Harry Litman [00:30:51]: So basically, if Trump is alive on November 3rd, there may be plenty of political permutations, etcetera. If on the other hand he is alive, let’s say he wins the election, but were to die between then and January 6th, then there actually might be tussles, or is it, as a practical matter, extremely clear that the next president of the United States is Pence?
Steve Vladeck [00:31:17]: So it's not clear legally, in that scenario, I mean the January 6th date looms large there, because if Congress has the opportunity to choose someone other than Trump, right, they’re not bound to choose Pence. I think politically, Harry, they would. But if something were to happen between the 6th and the 20th, I mean just cause we’re playing on all the hypotheticals, once Congress has certified the results of the election, nothing can change before the 20th. And so at noon or 11:58 on the 20th, Pence would be sworn in again to his second term as vice president, and then at noon he would become president by section 1 of the 25th amendment.
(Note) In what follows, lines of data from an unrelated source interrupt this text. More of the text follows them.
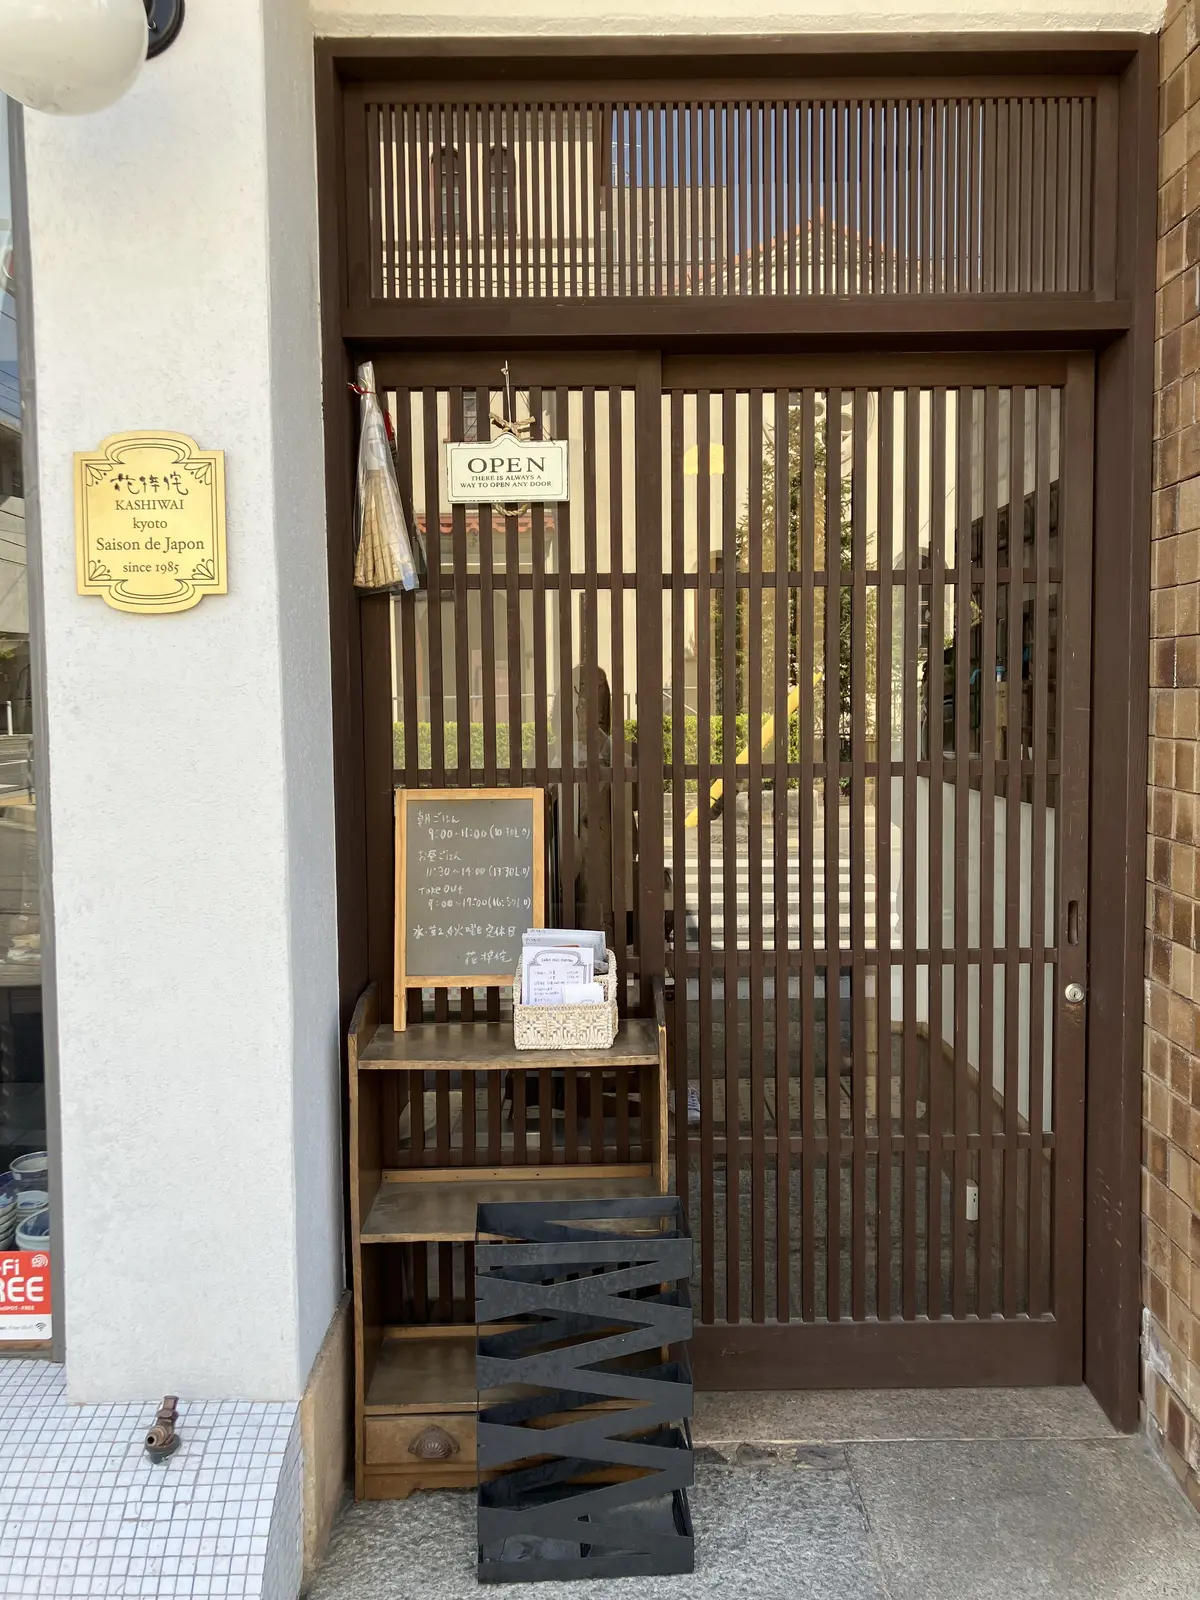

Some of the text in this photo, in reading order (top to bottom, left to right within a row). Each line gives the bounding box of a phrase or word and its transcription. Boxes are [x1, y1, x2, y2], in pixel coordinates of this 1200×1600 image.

[467, 457, 546, 473] OPEN
[115, 499, 184, 511] KASHIWAI
[132, 518, 168, 532] kyoto
[96, 537, 205, 553] Saison de Japon
[122, 561, 180, 574] since 1985
[416, 810, 460, 827] 朝ごはん
[417, 849, 462, 862] お昼ごはん
[418, 885, 464, 895] Take Out
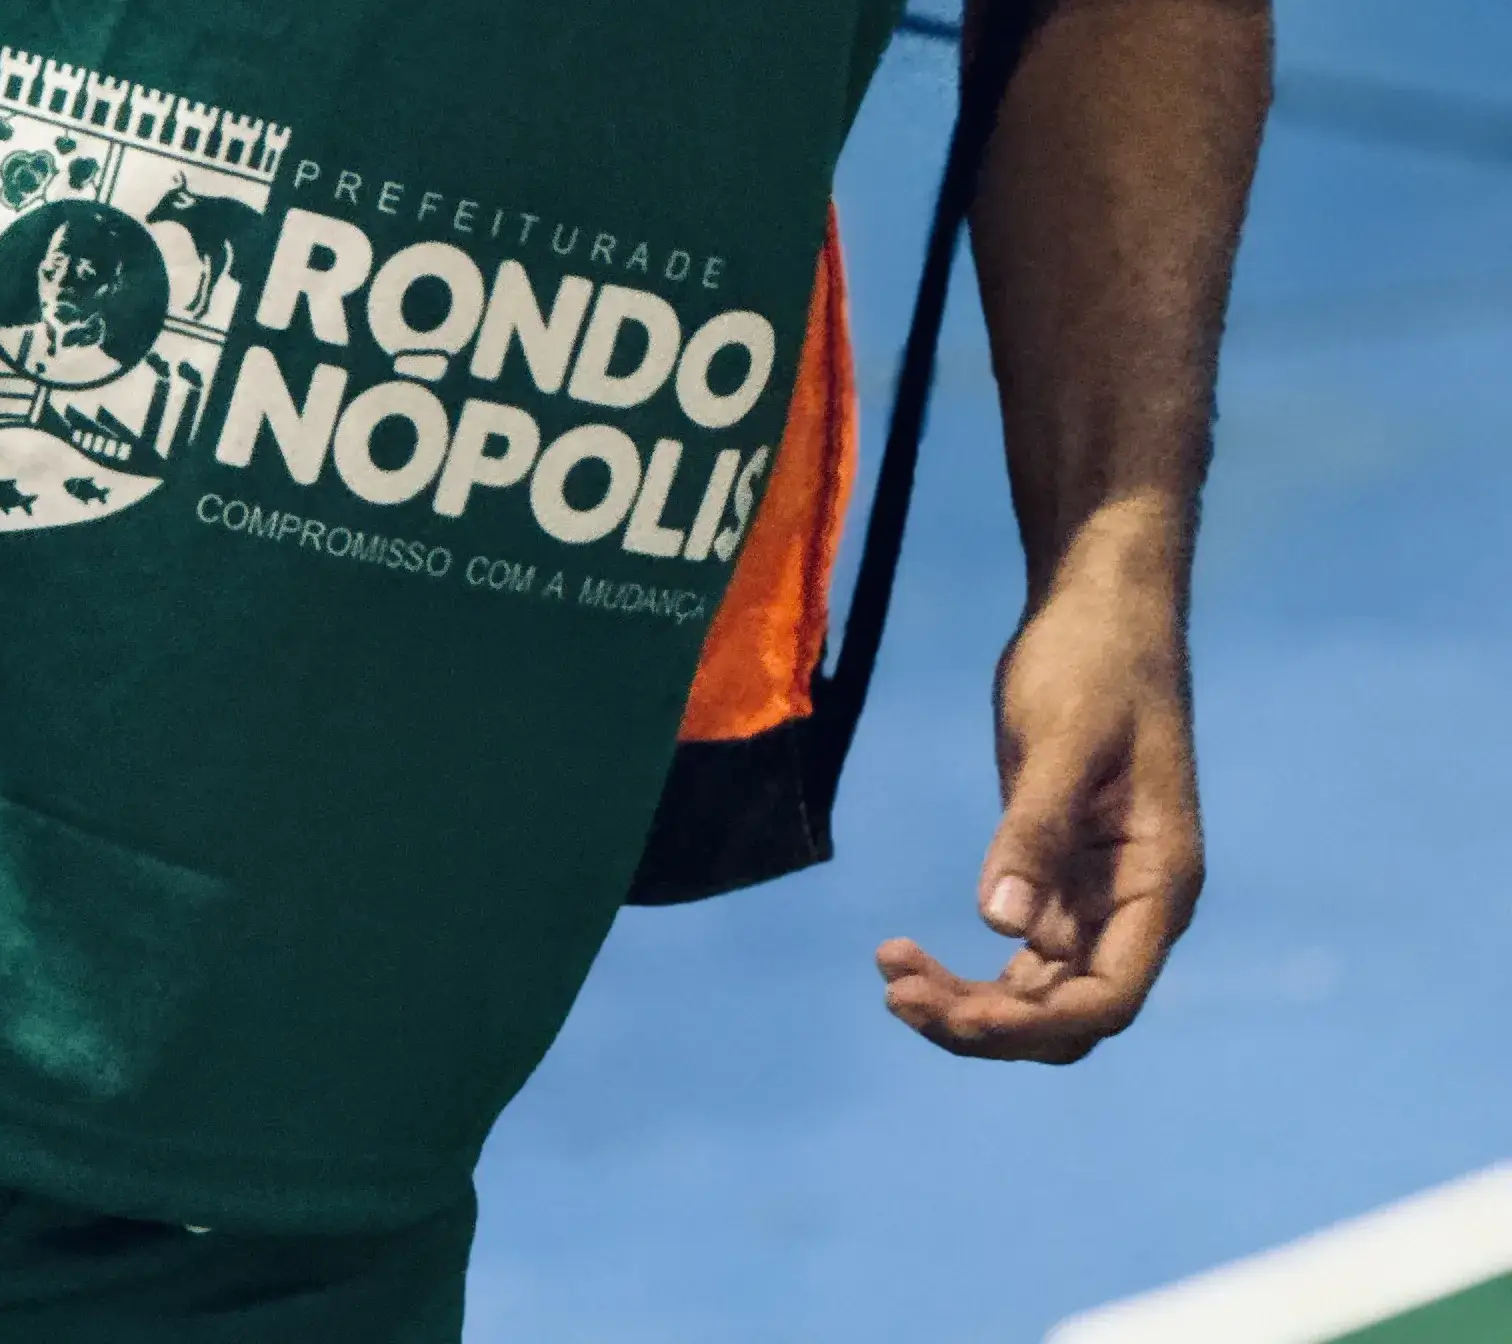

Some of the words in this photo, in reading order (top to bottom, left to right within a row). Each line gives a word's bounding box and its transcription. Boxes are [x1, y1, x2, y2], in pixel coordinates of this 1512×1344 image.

[256, 208, 775, 429] RONDO
[196, 492, 453, 578] COMPROMISSO
[465, 555, 537, 593] COM
[542, 571, 564, 600] A
Harry Litman [00:32:05]: Wow. Now let me ask you this, and this is more terra incognita and sort of more speculation, have you thought about the implications of the virus for the nomination or confirmation hearings of justice Barrett?
Steve Vladeck [00:32:22]: So I will confess that I have, because I’m a nerd and this is what I do…
Harry Litman [00:32:27]: By the way, Mike Lee has just tested positive, so there'll be one fewer senator there.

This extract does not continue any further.